ROUND 10: Sydney Roosters v. North Queensland Cowboys (Suncorp Stadium, 15/5/21, 30-16)

The Roosters had only won two of their last nine games at Suncorp when they hosted the Cowboys for the third game of Magic Round on Saturday night, but you would still have expected them to come away with more than a fourteen point win. In fact, the Cows were strong for key passages of the game, dominating the middle third, in particular, with three straight tries, while also effectively plugging the two sustained periods of Sydney City scoring, in the opening quarter and back of the second half.

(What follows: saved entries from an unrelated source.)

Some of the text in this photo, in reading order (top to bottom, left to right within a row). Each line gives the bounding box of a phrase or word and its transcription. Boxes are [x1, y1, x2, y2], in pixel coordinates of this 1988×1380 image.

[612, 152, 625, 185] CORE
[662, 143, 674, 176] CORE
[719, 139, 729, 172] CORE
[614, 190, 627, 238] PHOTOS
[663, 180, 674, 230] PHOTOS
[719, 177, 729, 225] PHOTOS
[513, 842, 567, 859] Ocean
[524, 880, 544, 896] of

The Tricolours’ victory came, in part, off a pretty controversial encounter between James Tedesco and Lachlan Burr that paved the way for a sin bin that sealed the deal – a frustrating way for North Queensland to mark Jason Taumalolo’s 200th match. But it was also a testament to the Roosters’ arsenal, with Sitili Tupouniua returning from suspension in the second row, Victor Radley and Sam Walker cleared to play after their HIA and shoulder issues, and Lachlan Lam in at 5/8 with Drew Hutchison off the park.

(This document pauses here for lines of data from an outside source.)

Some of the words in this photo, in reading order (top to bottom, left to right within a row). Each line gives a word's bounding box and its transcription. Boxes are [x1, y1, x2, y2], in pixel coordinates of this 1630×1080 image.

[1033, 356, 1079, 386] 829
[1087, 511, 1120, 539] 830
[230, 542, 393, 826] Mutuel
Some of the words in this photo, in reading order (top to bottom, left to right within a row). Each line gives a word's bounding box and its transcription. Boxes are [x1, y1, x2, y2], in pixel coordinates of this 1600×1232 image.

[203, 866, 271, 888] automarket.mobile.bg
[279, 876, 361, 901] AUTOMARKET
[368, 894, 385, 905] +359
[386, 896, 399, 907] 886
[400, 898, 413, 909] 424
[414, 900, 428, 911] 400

The Roosters started the game at the wrong end of the field, so Jared Waerea-Hargreaves had to run the length of the park to get in place at kick receiver. Their woes continued on kickoff, when Kyle Feldt bent the bounce around Tupouniua, who never had a chance of collecting it on the full, and was forced to watch it careen at a crazy angle over the sideline. The Cowboys now had their first set in the Roosters’ twenty, but couldn’t break through this first test of the home team’s goal line defence.

Tedesco did well to bring the kick back over the line, and avoid a dropout, but the Cowboys came up with an enormous pack effort on tackle one, as Reece Robson drew in three other defenders, including Taumalolo, to drag Daniel Tupou in goal from five metres out. Teddy went long with the kick, but Matt Ikuvalu still conceded a second dropout on the fourth play, catching a Jake Clifford on the bounce, on the left wing, to avoid a North Queensland try, and so forcing Teddy to boot through a second long one.

The Chooks now got their first touch of the footy, and their first let off, with a one-on-one steal from Joey Manu on Coen Hess. JWH fed a terrific offload to Victor Radley, and Teddy synced up with Sam Walker, before Radley started a deft left sweep that ended with Josh Morris putting Tupou across in the corner for a classic Tricolours try. The interim passes from Lachlan Lam and Tedesco were beautifully timed, while the Giraffe got two boots down right beside the line for his closest four-pointer this year.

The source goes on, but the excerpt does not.